This bridge crosses the Grand River at the approximate location of Devos Place and the Gerald R. Ford Museum, and as such received a fair amount of attention, even on national television, during the funeral of former president Gerald Ford, as most of the Grand Rapids events for the funeral revolved around this area.
At 474 feet, this bridge appears to be the fourth longest concrete arch bridge in Michigan. The Belle Isle Bridge, Fulton Street, and Pearl Street take first, second, and third places. It is an earth-filled structure. The ends of the bridge are flared slightly, and this can be seen when standing beside the bridge, by looking at how the last arch span curves outward at the end.
This bridge was renovated for pedestrian use. The piers appear to have been repaired, and the superstructure appears to have had little deterioration in the first place. The historic integrity of the superstructure, thus has remained intact. The deck was however heavily modified.

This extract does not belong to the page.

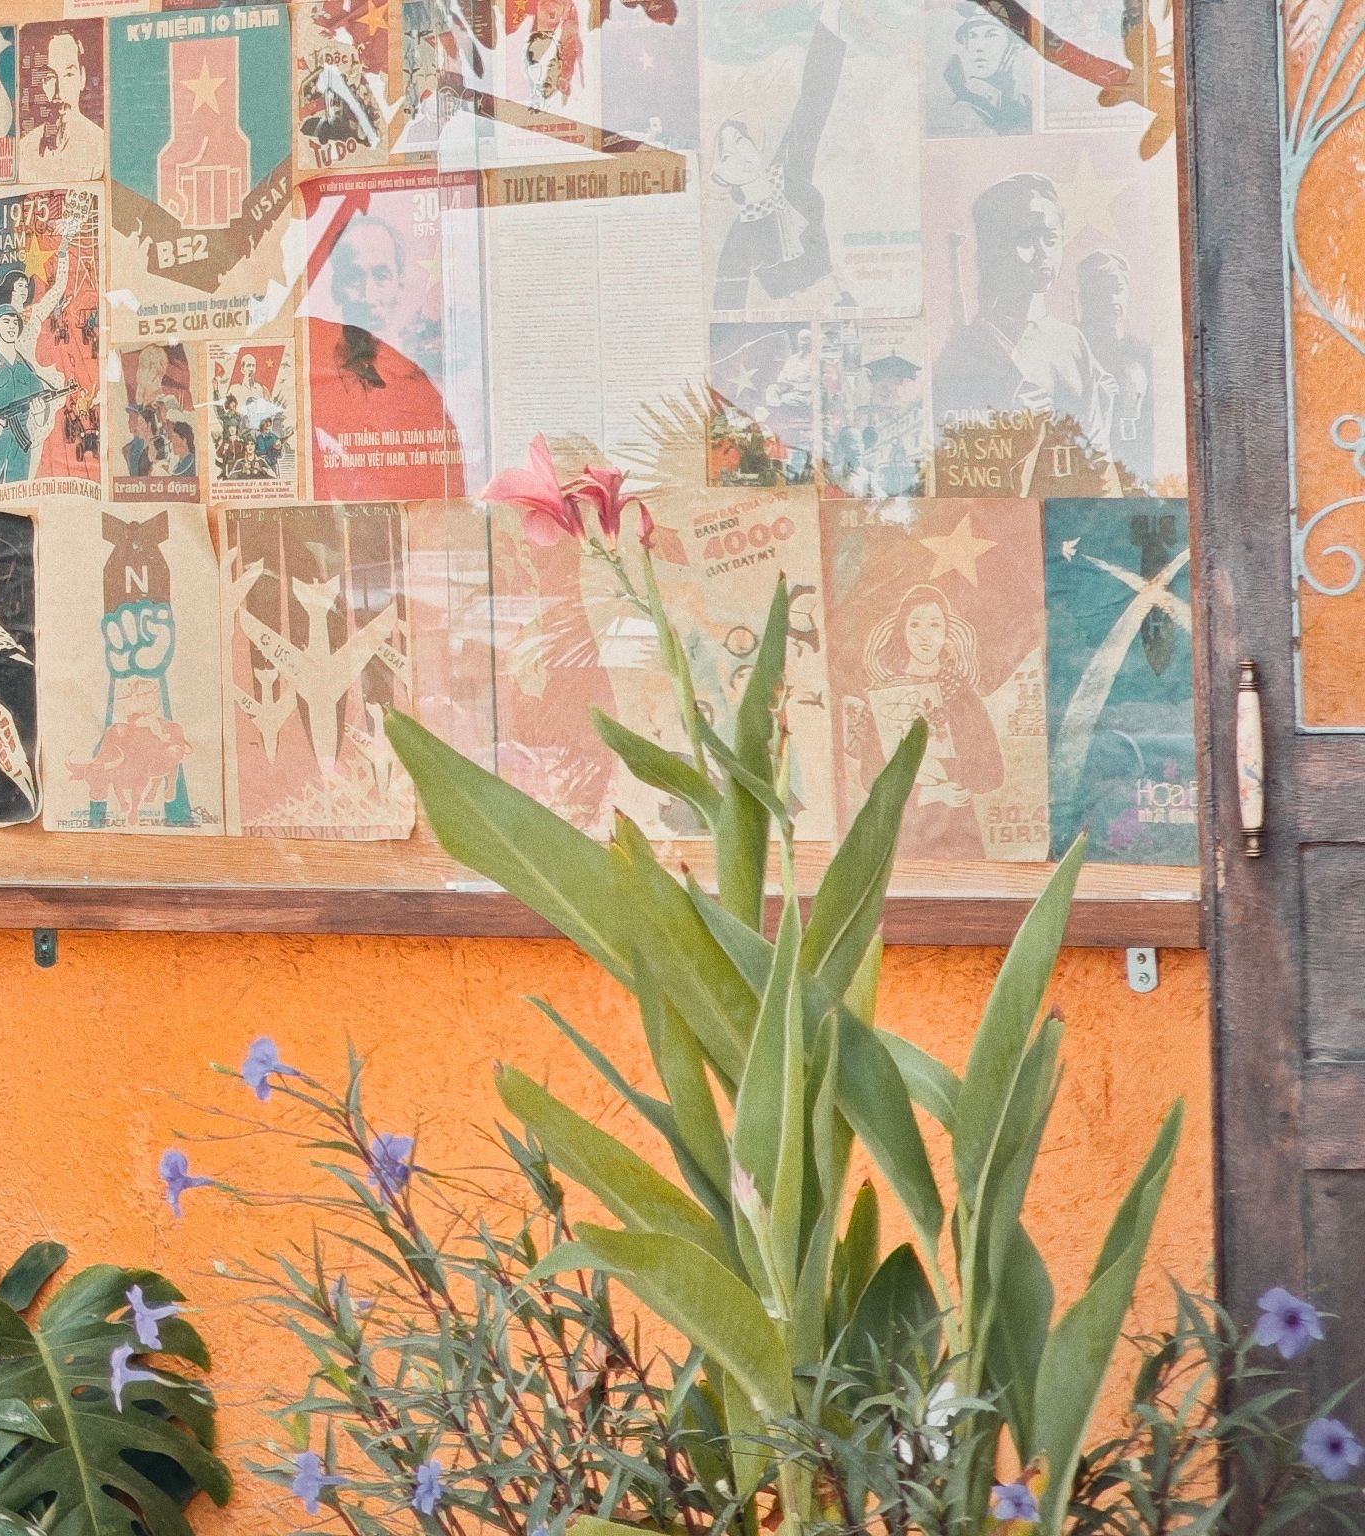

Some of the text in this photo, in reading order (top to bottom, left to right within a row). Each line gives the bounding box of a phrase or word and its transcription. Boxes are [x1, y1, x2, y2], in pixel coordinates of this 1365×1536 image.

A fancy bridge, cement, and stone walkway was applied to the deck, and the railings are not heavy concrete with pole railings. The walkway looks nice; the railings leave much to be desired. In 1988 the bridge was apparently rededicated as the Gillett Bridge in honor of Richard M. Gillett, former president of the Old Kent Bank. Note the correct spelling "Gillett", however many people often spell out the bridge name as "Gillette Bridge."
Information and Findings From Michigan Historic Bridge Inventory
This is the third longest known surviving earth-filled concrete arch bridge in Michigan, with an overall length of 472 feet. The Fargo Engineering Company of Kalamazoo, Michigan, a major Michigan civil engineering firm in the early twentieth century and the corporate predecessor of Commonwealth Associates, designed this bridge for the Michigan Railway Engineering Company, which used it initially to carry its street railway lines across the Grand River.